*** Opening DATA FOR THIS EXERCISE ***
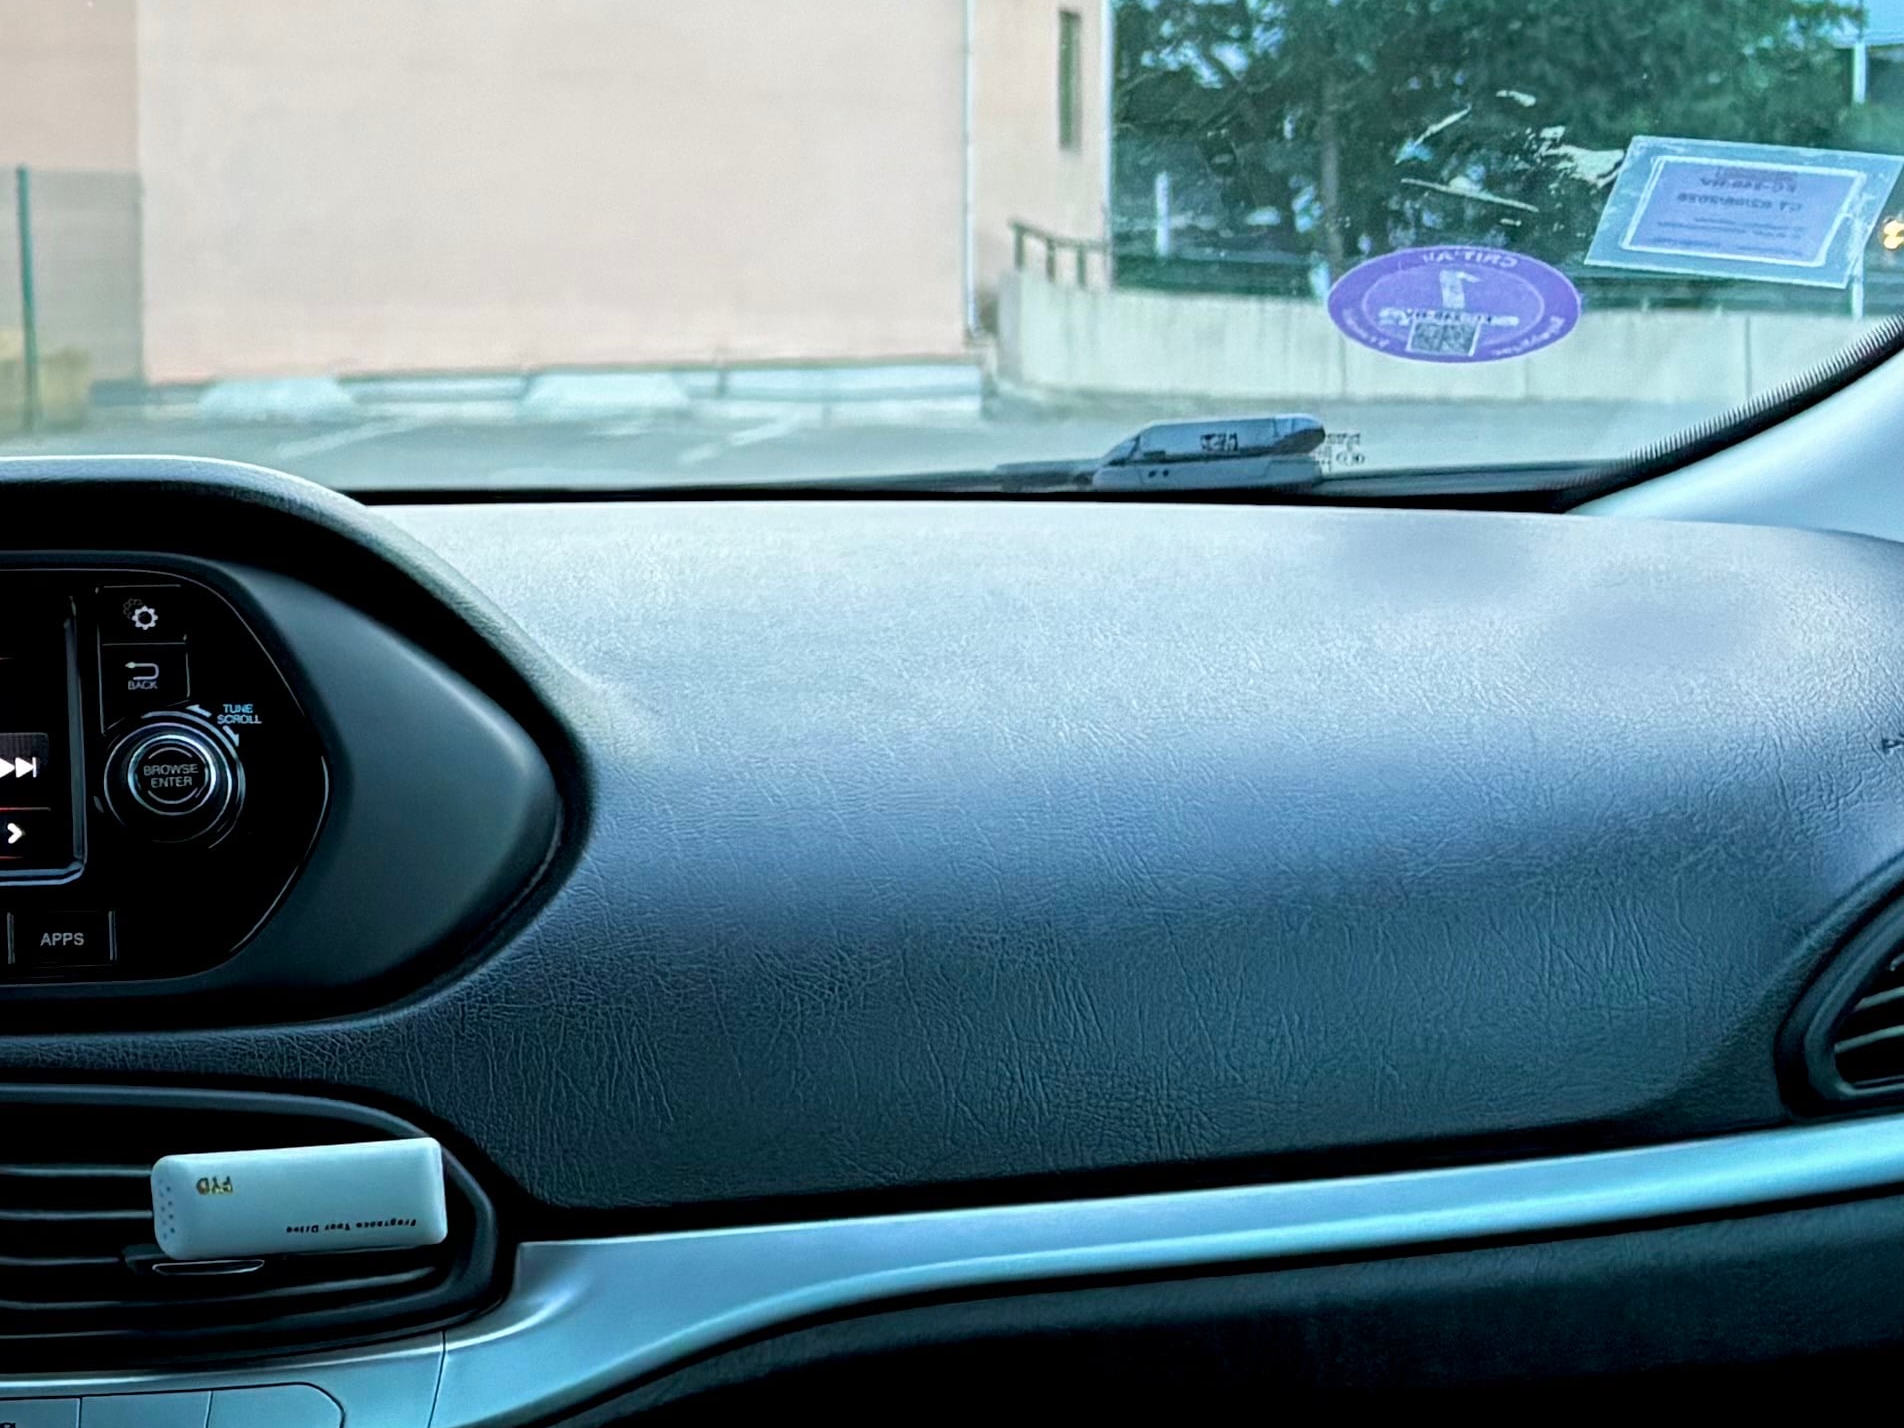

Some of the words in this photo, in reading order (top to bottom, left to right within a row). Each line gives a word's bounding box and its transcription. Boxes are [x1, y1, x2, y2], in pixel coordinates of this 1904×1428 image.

[128, 681, 158, 690] BACK
[222, 703, 253, 714] TUNE
[217, 714, 263, 724] SCROLL
[143, 764, 199, 776] BROWSE
[150, 776, 193, 789] ENTER
[40, 932, 85, 947] APPS
[196, 1176, 233, 1195] FYD
*** Closing DATA FOR THIS EXERCISE ***
EXERCISE BRIEF
Print each entry exactly, leaving pictures out.

REPLY TO THE TASK
Some of the words in this photo, in reading order (top to bottom, left to right within a row). Each line gives a word's bounding box and its transcription. Boxes are [x1, y1, x2, y2], in pixel coordinates of this 1904×1428 image.

[128, 681, 158, 690] BACK
[222, 703, 253, 714] TUNE
[217, 714, 263, 724] SCROLL
[143, 764, 199, 776] BROWSE
[150, 776, 193, 789] ENTER
[40, 932, 85, 947] APPS
[196, 1176, 233, 1195] FYD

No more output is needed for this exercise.